_TRY IT:_ Every entry must be repeated exactly. Exclude all pictures.

[Saved entries]
++++++++++++++++++++

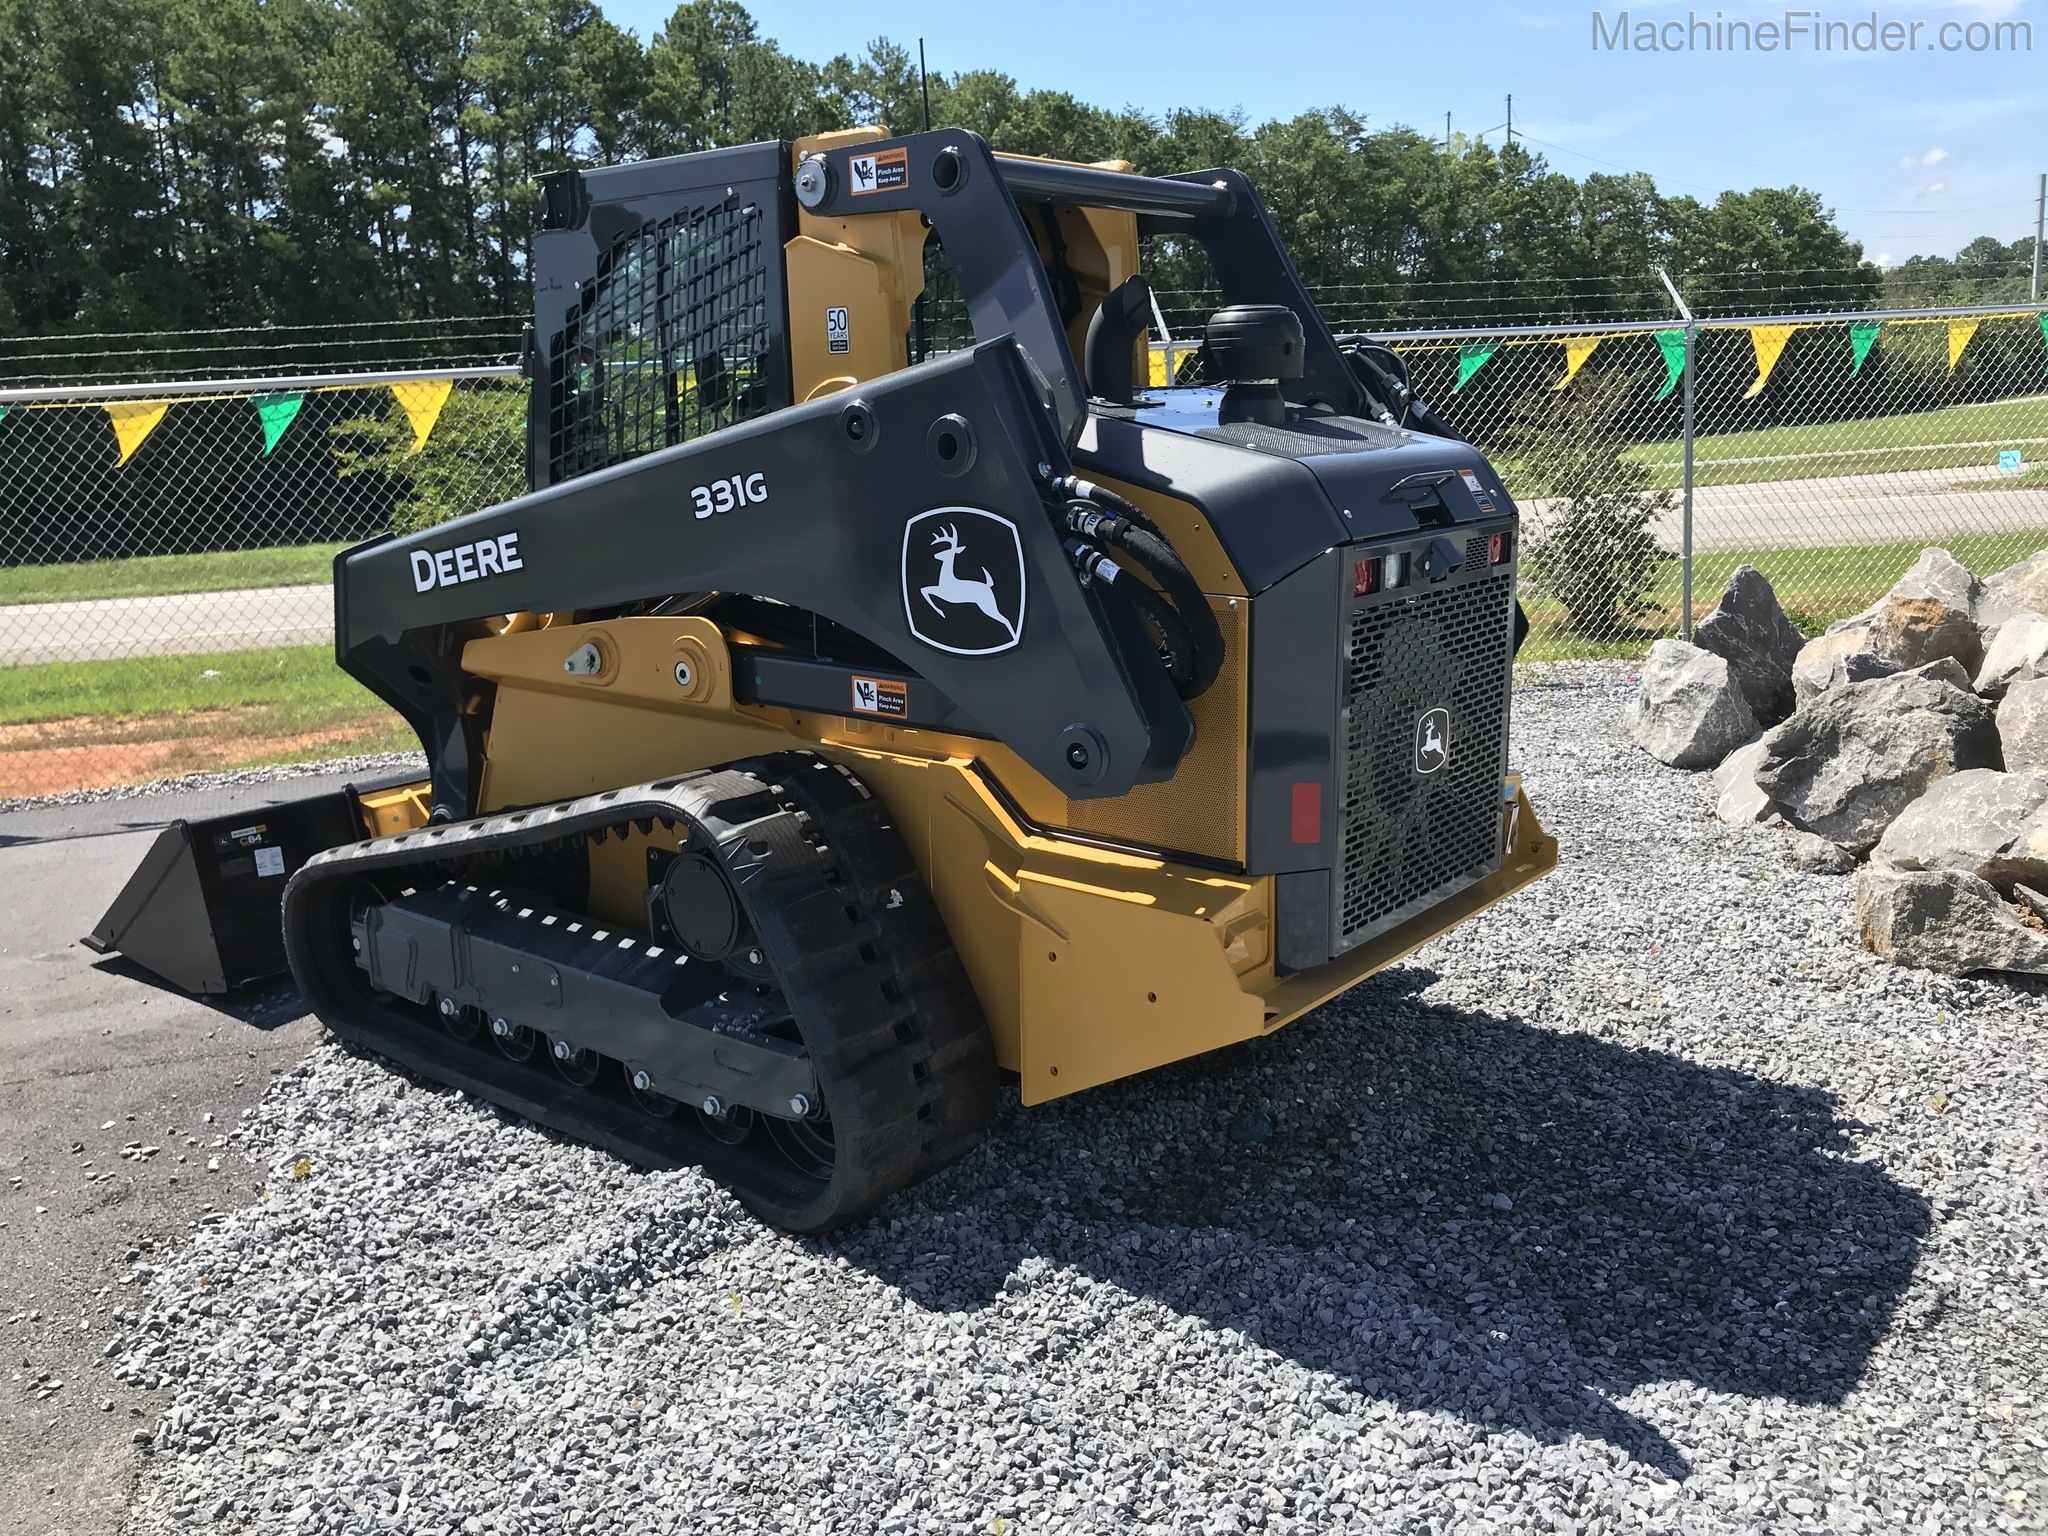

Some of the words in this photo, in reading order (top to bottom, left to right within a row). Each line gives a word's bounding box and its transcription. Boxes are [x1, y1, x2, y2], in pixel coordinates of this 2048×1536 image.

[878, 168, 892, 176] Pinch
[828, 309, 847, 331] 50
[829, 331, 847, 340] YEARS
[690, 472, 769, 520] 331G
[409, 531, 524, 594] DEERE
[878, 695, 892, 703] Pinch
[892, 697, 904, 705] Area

++++++++++++++++++++

_FINAL ANSWER:_
Some of the words in this photo, in reading order (top to bottom, left to right within a row). Each line gives a word's bounding box and its transcription. Boxes are [x1, y1, x2, y2], in pixel coordinates of this 2048×1536 image.

[878, 168, 892, 176] Pinch
[828, 309, 847, 331] 50
[829, 331, 847, 340] YEARS
[690, 472, 769, 520] 331G
[409, 531, 524, 594] DEERE
[878, 695, 892, 703] Pinch
[892, 697, 904, 705] Area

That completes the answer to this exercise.